当前位置：网站首页>A specially designed loss is used to deal with data sets with unbalanced categories

A specially designed loss is used to deal with data sets with unbalanced categories

2022-07-02 21:42:00 【Xiaobai learns vision】

Click on the above “ Xiaobai studies vision ”, Optional plus " Star standard " or “ Roof placement ”

Heavy dry goods , First time delivery

Reading guide

This article is about Google CVPR ' 19 A summary of an article published on , The title of the article is Class-Balanced Loss Based on Effective Number of Samples. It is the most commonly used loss (softmax-cross-entropy、focal loss etc. ) A reweighting scheme for each category is proposed , It can quickly improve the accuracy , Especially when dealing with highly unbalanced data .

This article is about Google CVPR ' 19 A summary of an article published on , The title of the article is Class-Balanced Loss Based on Effective Number of Samples.

It is the most commonly used loss (softmax-cross-entropy、focal loss etc. ) A reweighting scheme for each category is proposed , It can quickly improve the accuracy , Especially when dealing with highly unbalanced data

Of the paper PyTorch Implementation source code ：https://github.com/vandit15/Class-balanced-loss-pytorch

Effective number of samples

Dealing with long tailed data sets ( Most of the samples belong to very few classes , Many other classes have very few samples ) When , How to weight different types of losses may be tricky . Usually , The weight is set to the reciprocal of the class sample or the reciprocal of the square root of the class sample .

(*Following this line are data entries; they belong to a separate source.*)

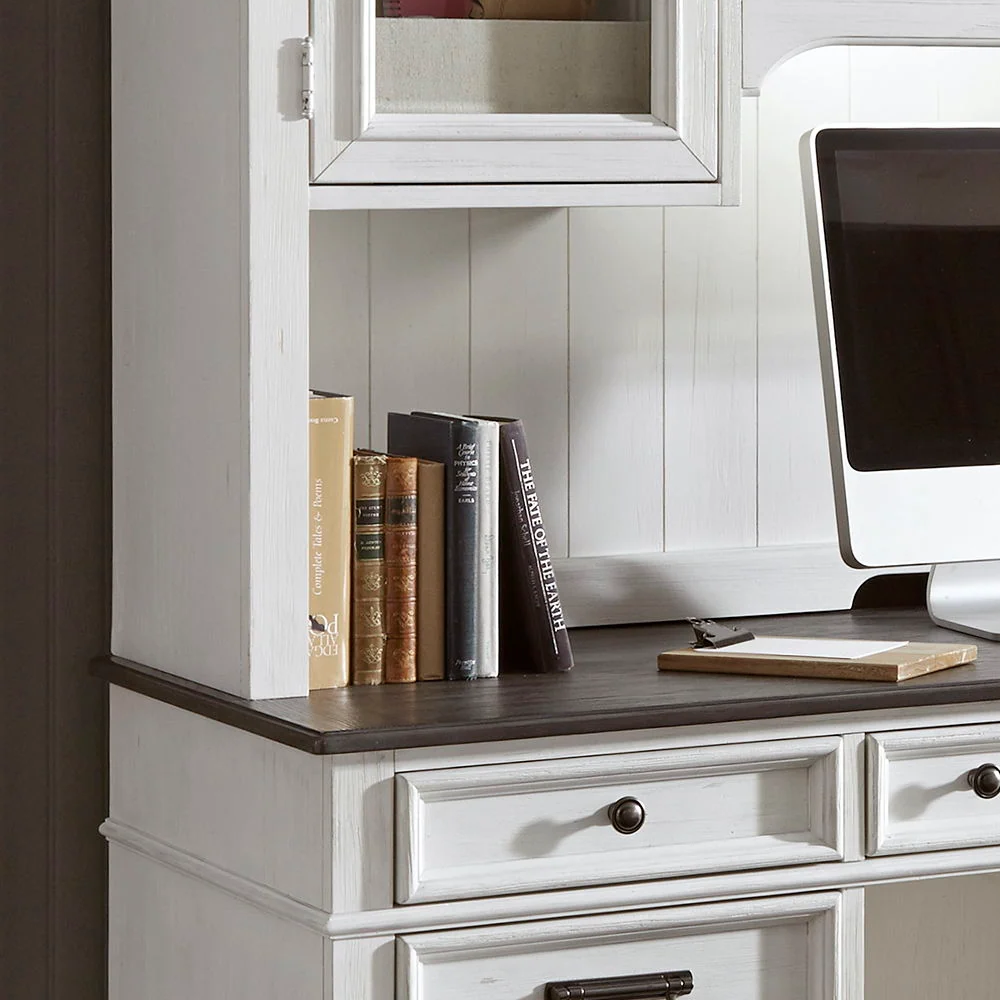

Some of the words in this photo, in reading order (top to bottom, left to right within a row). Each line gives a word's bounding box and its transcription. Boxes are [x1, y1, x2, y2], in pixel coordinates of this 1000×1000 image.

[519, 458, 536, 492] THE
[312, 478, 323, 508] Poems
[313, 511, 322, 522] &
[525, 493, 543, 526] FATE
[312, 525, 322, 547] Tales
[534, 528, 547, 549] OF
[312, 551, 325, 596] Complete
[538, 548, 553, 580] THE
[544, 581, 566, 632] EARTH
[307, 613, 339, 637] PO
[307, 634, 338, 647] ALLA
[307, 644, 338, 657] EDGA

The traditional weight adjustment is different from the weight adjustment proposed here

However , As shown in the figure above , This excess is due to As the number of samples increases , The benefits of new data points will be reduced . The newly added sample is most likely an approximate copy of the existing sample , Especially when training neural networks, a large amount of data is used to enhance ( Such as rescaling 、 Random cutting 、 Flip, etc ) When , Many are such samples . Reweighting with the number of effective samples can get better results .

The number of effective samples can be imagined as n The actual volume covered by samples , The total volume N Represented by total samples .

Number of effective samples

We wrote ：

Number of effective samples

We can also write it as follows ：

Contribution of each sample

This means No j The contribution of samples to the number of effective samples is βj-1.

Another meaning of the above formula is , If β=0, be En=1. Again , When β→1 When En→n. The latter can be easily proved by lobida's law . It means to be N When a large , Number of effective samples and number of samples N identical . under these circumstances , Number of unique prototypes N It's big , Each sample is unique . However , If N=1, This means that all data can be represented by a prototype .

Category equilibrium loss

If there is no additional information , We cannot set separate for each class Beta value , therefore , When using the whole data , We will set it to a specific value ( Usually set to 0.9、0.99、0.999、0.9999 One of them ).

therefore , The category equilibrium loss can be expressed as ：

here , L(p,y) It can be any loss .

Class balance Focal Loss

Original version of focal loss There is one α Equilibrium variables . here , We will reweight each class with the number of valid samples .

Similarly , Such a reweighted term can also be applied to other well-known losses (sigmod -cross-entropy, softmax-cross-entropy etc. ).

Realization

Before we start the implementation , One thing to note is that , In use based on sigmoid The loss of training , Use b=-log(C-1) Initialize the deviation of the last layer , among C It's the number of classes , instead of 0. This is because of the settings b=0 It will cause huge losses at the beginning of training , Because the output probability of each class is close to 0.5. therefore , We can assume that a priori class is 1/C, And set it accordingly b Value .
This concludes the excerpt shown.